In this experiment, we generate data according to the hypothesis presented in the [problem formulation](#problem-formulation) and we compare our method to the cost function for standard covariance change detection in Gaussian models (that is supposed to cover our hypothesis). More precisely, we randomly generate a graph and a corresponding multivariate Gaussian signal, undergoing a (known) random number of covariance change points.

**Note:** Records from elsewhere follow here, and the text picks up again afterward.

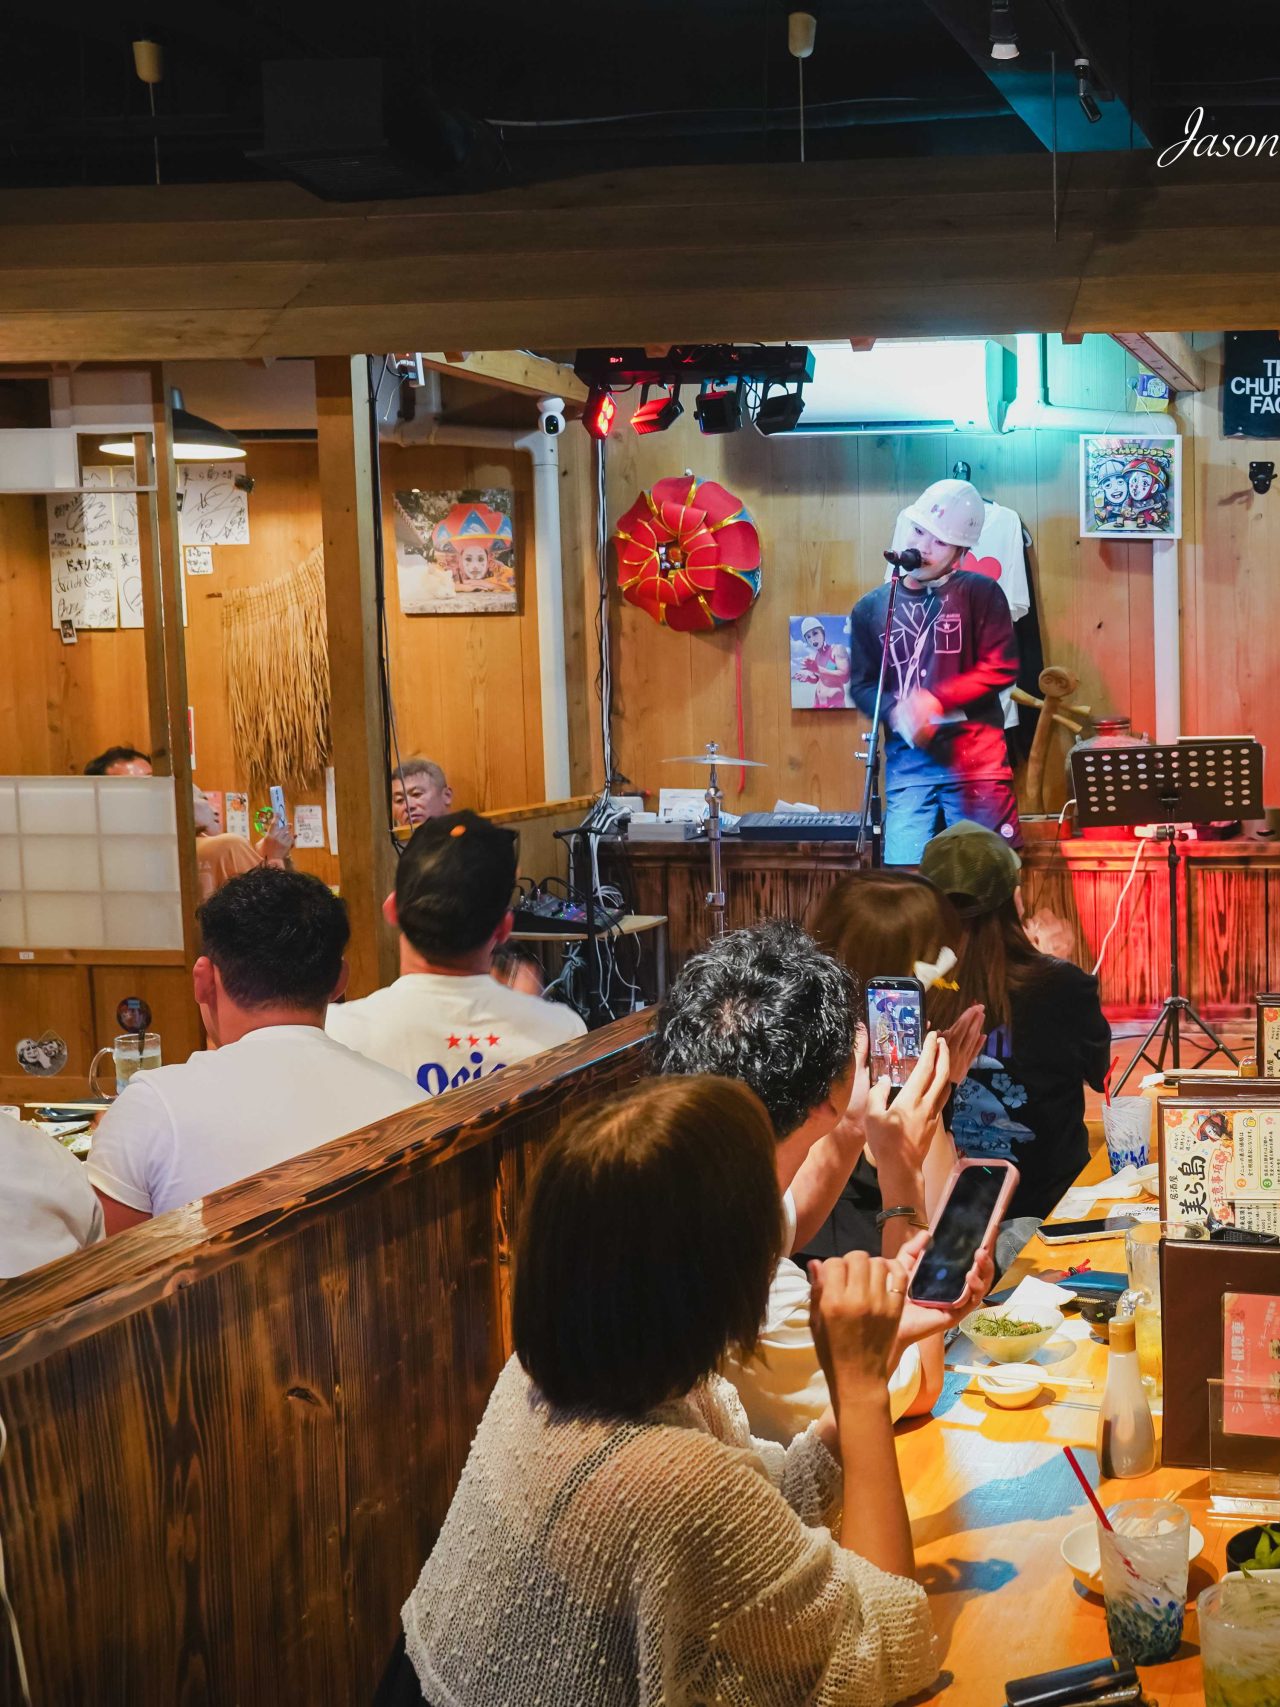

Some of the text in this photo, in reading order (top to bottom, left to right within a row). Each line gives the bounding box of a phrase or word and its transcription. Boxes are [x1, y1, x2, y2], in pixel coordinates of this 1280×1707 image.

[416, 1051, 508, 1096] Ori
[1169, 1175, 1179, 1200] 居酒屋
[1178, 1155, 1208, 1215] 美ら島
[1211, 1164, 1224, 1207] 注意事項
[1231, 1321, 1245, 1414] ショット観覧車
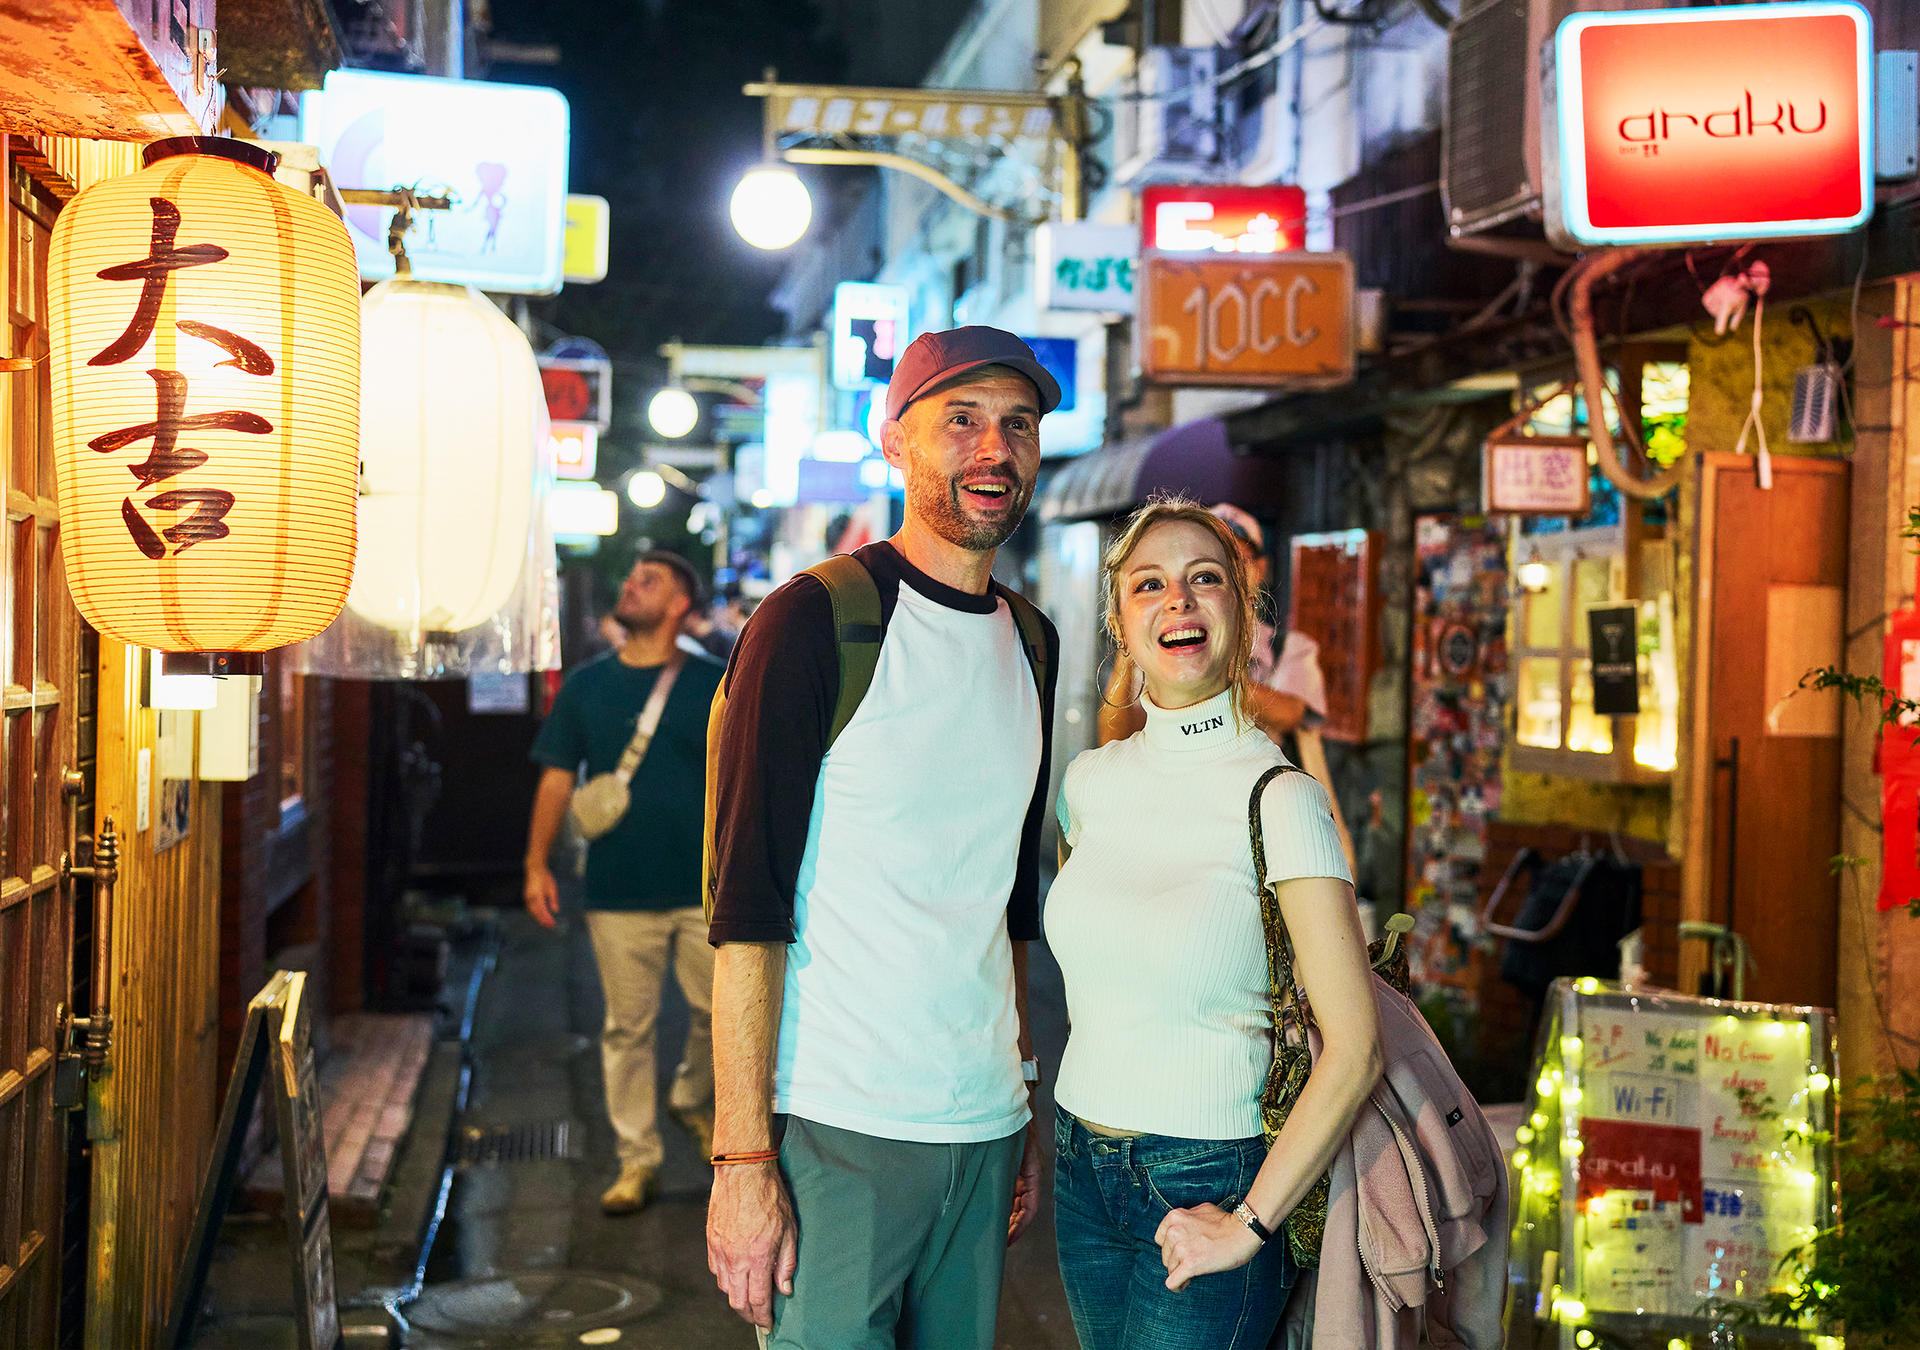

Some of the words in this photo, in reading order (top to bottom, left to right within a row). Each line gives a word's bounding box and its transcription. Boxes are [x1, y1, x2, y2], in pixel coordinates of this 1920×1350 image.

The comparison between the two methods relies on the precision, recall and Hausdorff metrics.

In [None]:
def generate_rd_signal_in_hyp(G:nx.Graph, signal_rng:np.random.Generator, n_samples:int=500, diag_cov_max=1, n_bkps_max=10):
    # randomly draw a set of admissible change points
    n_dims = G.number_of_nodes()
    min_size = get_min_size_for_hyp(n_dims=n_dims)
    bkps = draw_bkps_with_gap_constraint(n_samples, min_size, signal_rng, n_bkps_max)
    # generate the signal
    _, eigvects = eigh(nx.laplacian_matrix(G).toarray())
    signal_gen_func = lambda size: generate_gaus_signal_with_cov_diag_in_basis(n_dims, size, eigvects, signal_rng, diag_cov_max)
    signal = signal_gen_func(bkps[0])
    # add each sub-segment
    for i in range(1, len(bkps)):
        sub_signal = signal_gen_func(bkps[i] - bkps[i-1])
        signal = np.concatenate([signal, sub_signal], axis=0)
    return bkps, signal

In [None]:
nx_graph_seed = 1
graph_seed = 2
signal_seed = 3

signal_rng = np.random.default_rng(seed=signal_seed)
graph_rng = np.random.default_rng(seed=graph_seed)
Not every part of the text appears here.